The company reassured the general public that there had been no safety or environmental impacts as a result of the incident.
The release provided no details of the nature or specific impacts of the incident, stating only that they are “continuing to assess risks and are actively establishing additional safeguards to mitigate any further risk to the Company.”
Canada’s third-largest copper mine, CMMC’s Copper Mountain operation processes 45,000 tons of material per day, producing an average of 100 million pounds of copper equivalent annually.
LockBit ransomware: two decryption stories
Japanese police appear to have made an important breakthrough in decrypting LockBit ransomware. According to a report by Nikkei Asia, researchers with the National Police Agency have successfully decrypted the data of three separate LockBit victims, including auto parts manufacturer Nittan, which suffered an attack in September 2022. While other LockBit decryptors have been reported in recent months, they generally focus on older variants of the malware, making the new code-breaker an important step forward. The research is being shared with various other law enforcement agencies.
Japan’s police force has devoted a considerable number of resources to combat cyber crime, with “around 2,400 investigators and technical personnel focused on cybercrime, including about 450 specialists drawn from industry and research,” according to the report.
Meanwhile, closer to home, the LockBit ransomware gang themselves may have provided an alleged decryption key – and an apology – to Toronto’s Hospital for Sick Children. SickKids was affected by a cyber attack on December 19 that affected its internal and corporate systems, phone system, and the website.

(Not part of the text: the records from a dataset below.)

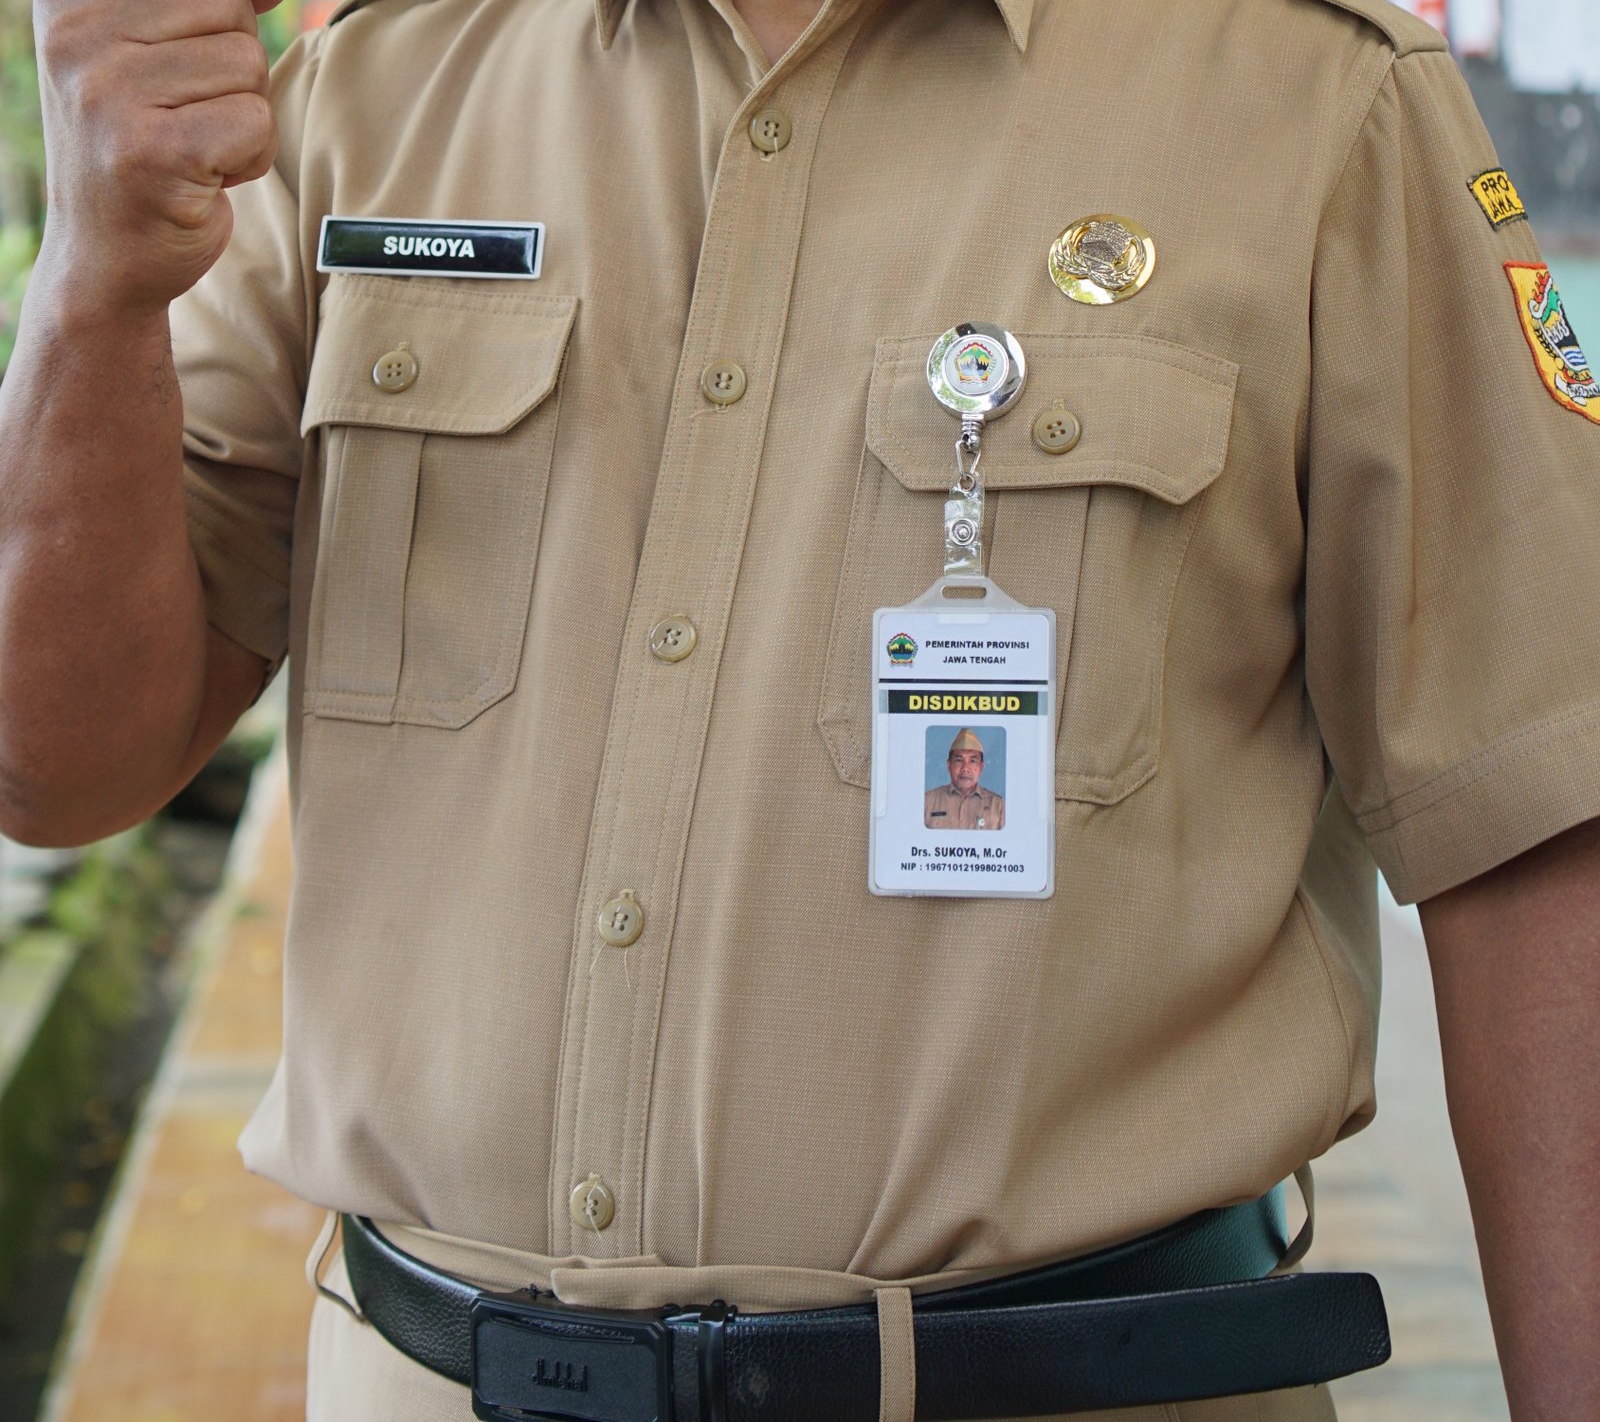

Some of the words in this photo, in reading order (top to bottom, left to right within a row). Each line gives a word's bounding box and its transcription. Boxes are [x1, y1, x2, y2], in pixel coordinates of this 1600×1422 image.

[383, 236, 475, 258] SUKOYA
[925, 640, 984, 649] PEMERINTAH
[986, 641, 1030, 649] PROVINSI
[942, 656, 968, 664] JAWA
[969, 656, 1006, 664] TENGAH
[909, 695, 1020, 712] DISDIKBUD
[911, 846, 931, 857] Drs.
[934, 846, 980, 859] SUKOYA,
[983, 847, 1007, 858] M.Or
[900, 862, 917, 871] NIP
[925, 862, 1025, 873] 196710121998021003
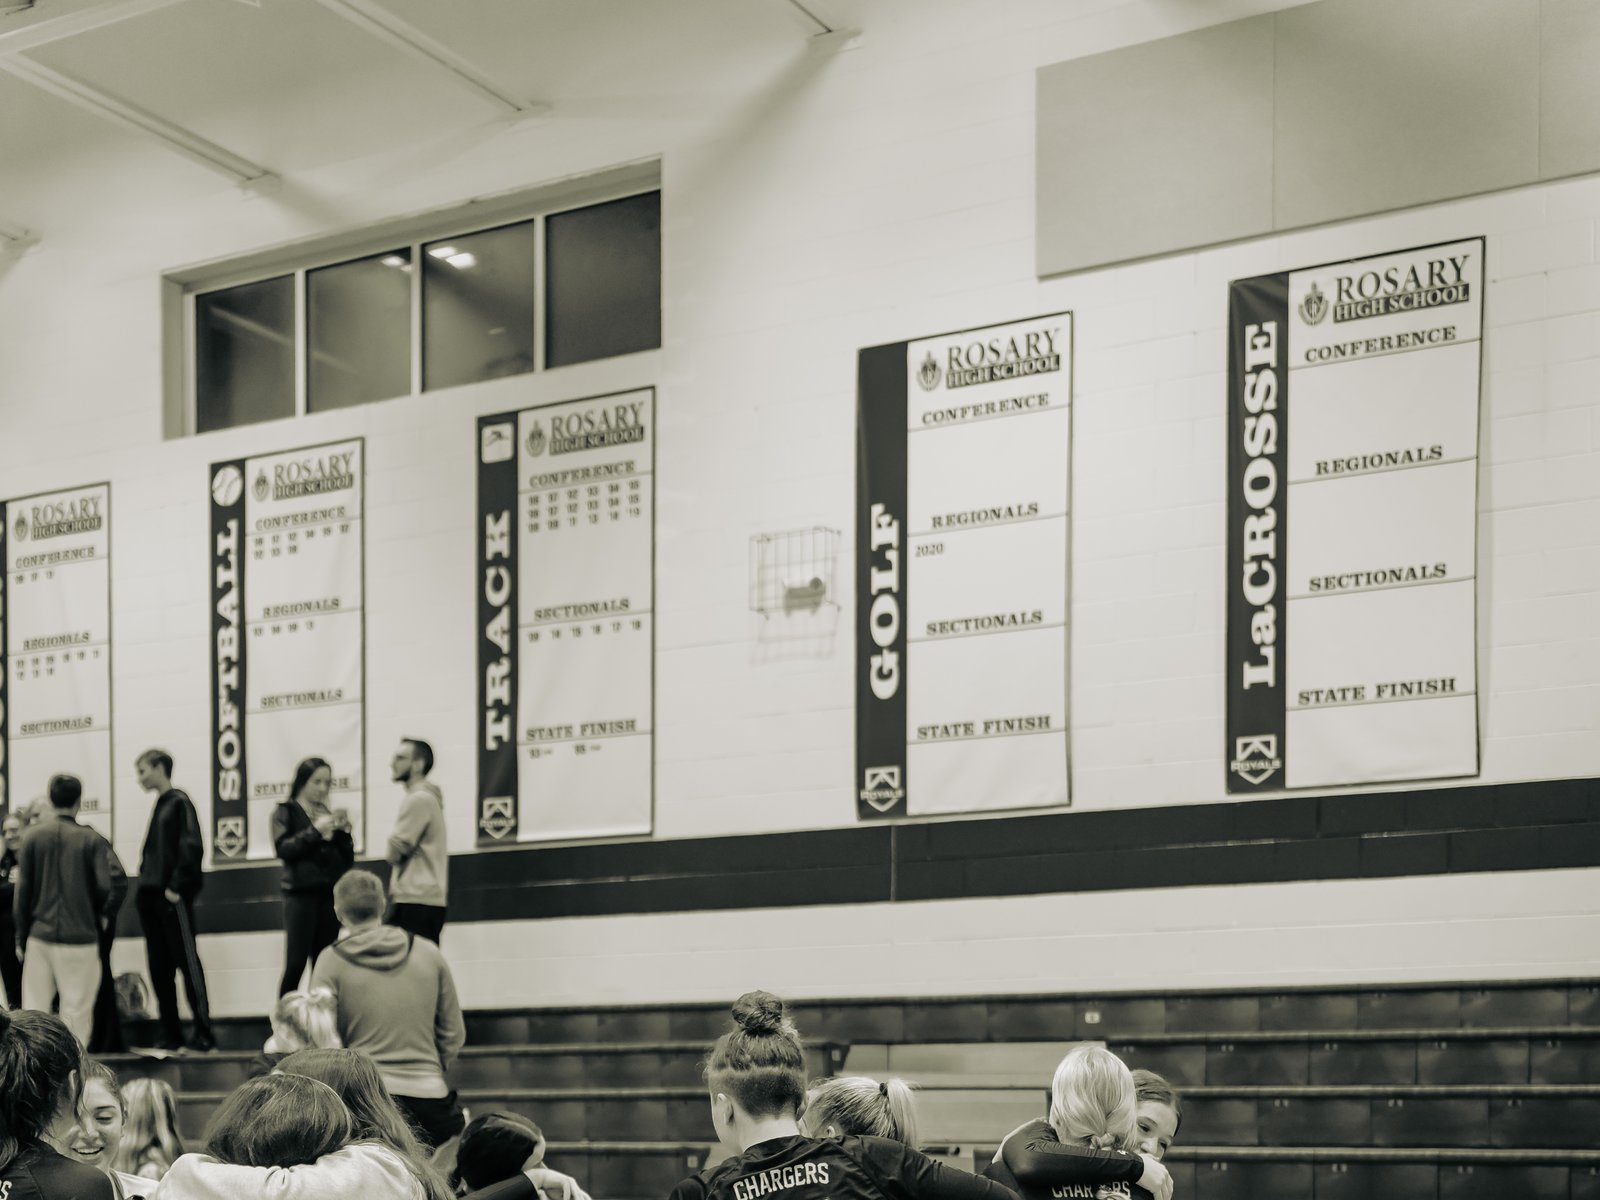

By December 29, the hospital announced that it had recovered almost half of its systems, revising that figure to 60% recovered by January 1. However, on December 31, cybersecurity researcher Dominic Alvieri tweeted about a posting on the gang’s dark web portal announcing “We formally apologize for the attack on sikkids.ca [sic] and give back the decryptor for free, the partner who attacked this hospital violated our rules, is blocked and is no longer in our affiliate program.” SickKids has acknowledged receipt of the decryption key, and is currently working with third parties to assess its validity and effectiveness.